Acusado de agressão contra a mulher, o cantor João Lima vem de uma família com forte tradição artística na Paraíba. Ele é neto do forrozeiro Pinto do Acordeon e filho de Cicinho Lima, cantor e político que atuou como ex-deputado estadual pelo PL (Partido Liberal) e como secretário de Cultura do estado. João Lima nasceu em João Pessoa e faz parte de uma linhagem musical de destaque no cenário paraibano. Seu avô, Pinto do Acordeon, foi um ícone do forró nordestino e morreu em 2020, aos 72 anos, vítima de câncer. Já o pai, Cicinho Lima, construiu trajetória na música e na política, enquanto o tio, Mô Lima, atua como sanfoneiro e segue mantendo a tradição familiar.
Atualmente, Cicinho Lima é suplente de deputado estadual pelo PL e foi nomeado secretário executivo da Cultura na gestão do governador João Azevêdo (PSB). A indicação provocou insatisfação entre artistas e representantes de entidades culturais da Paraíba.
O pai do cantor também é conhecido pela proximidade afetiva e ideológica com o ex-presidente Jair Bolsonaro (PL), com quem já apareceu em fotografias. Segundo a mídia local, ele costuma ser descrito como “bolsonarista raiz” por conta de seus posicionamentos políticos.
Carreira musical
João Lima atua como cantor, compositor e empresário nos gêneros forró e sertanejo, com carreira independente. Ele soma mais de 74 mil seguidores nas redes sociais, usadas para divulgação de seus trabalhos. Entre os lançamentos recentes está o álbum “Prazer, João Lima”, de 2024, disponível nas plataformas de streaming.
Como compositor, João Lima afirma nas redes sociais que já trabalhou com nomes conhecidos do cenário nordestino, como Xand Avião, Wesley Safadão, Gustavo Mioto, Nattan, Os Menoti, Heitor Costa, Rai, Eric Land e Barões da Pisadinha.
O caso de violência doméstica
João Lima é investigado pela Polícia Civil por agressão contra a própria esposa, Raphaela Brilhante. Imagens que mostram o cantor agredindo a mulher foram divulgadas nas redes sociais neste sábado (24). A vítima registrou boletim de ocorrência na Delegacia Especializada de Atendimento à Mulher, em João Pessoa, no mesmo dia. De acordo com a Polícia Civil da Paraíba, as agressões teriam ocorrido ao longo da semana.
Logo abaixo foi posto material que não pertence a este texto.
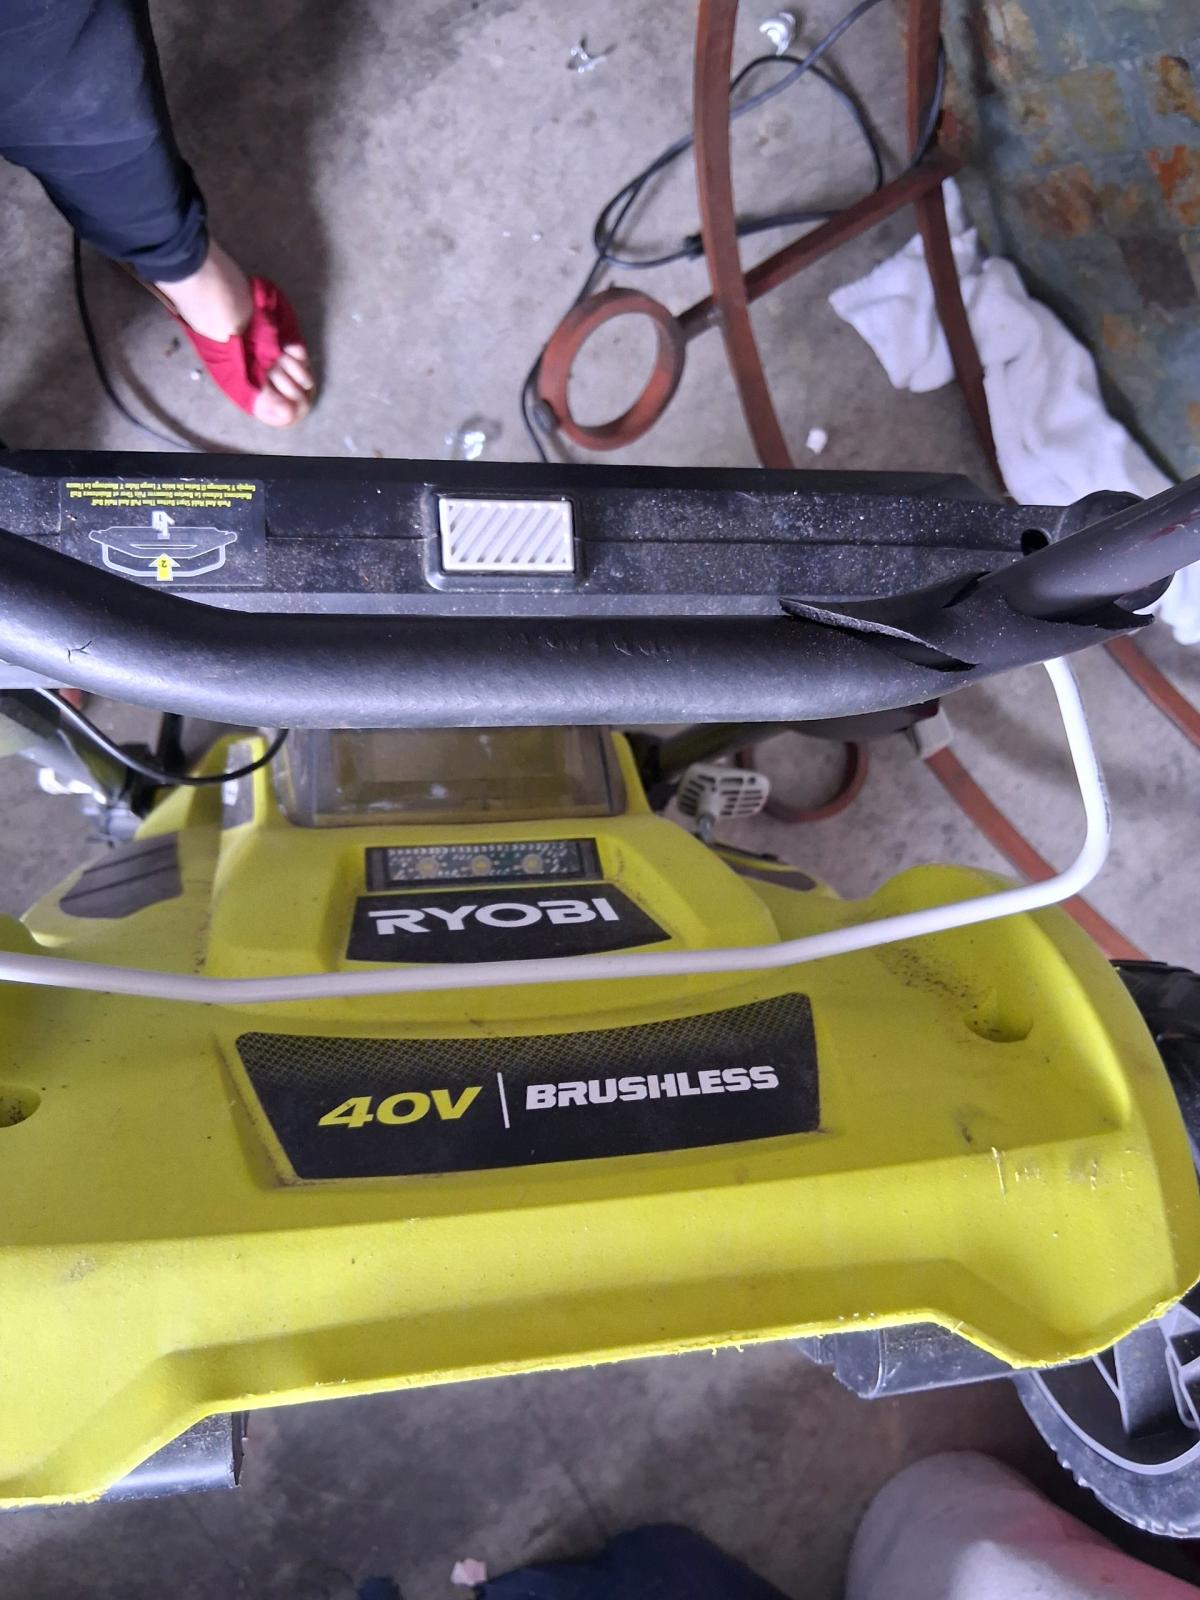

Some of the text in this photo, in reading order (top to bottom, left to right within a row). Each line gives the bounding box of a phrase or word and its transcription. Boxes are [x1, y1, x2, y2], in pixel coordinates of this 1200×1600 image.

Raphaela solicitou uma medida protetiva de urgência, que foi concedida pela Justiça. A defesa da vítima informou que o caso será encaminhado ao Ministério Público estadual.
Em nota, os advogados afirmaram que “agressões físicas, psicológicas, morais e financeiras são inaceitáveis, e o autor deverá responder com o rigor da lei de proteção à mulher”.
Até o momento, a assessoria de João Lima não se pronunciou sobre o caso.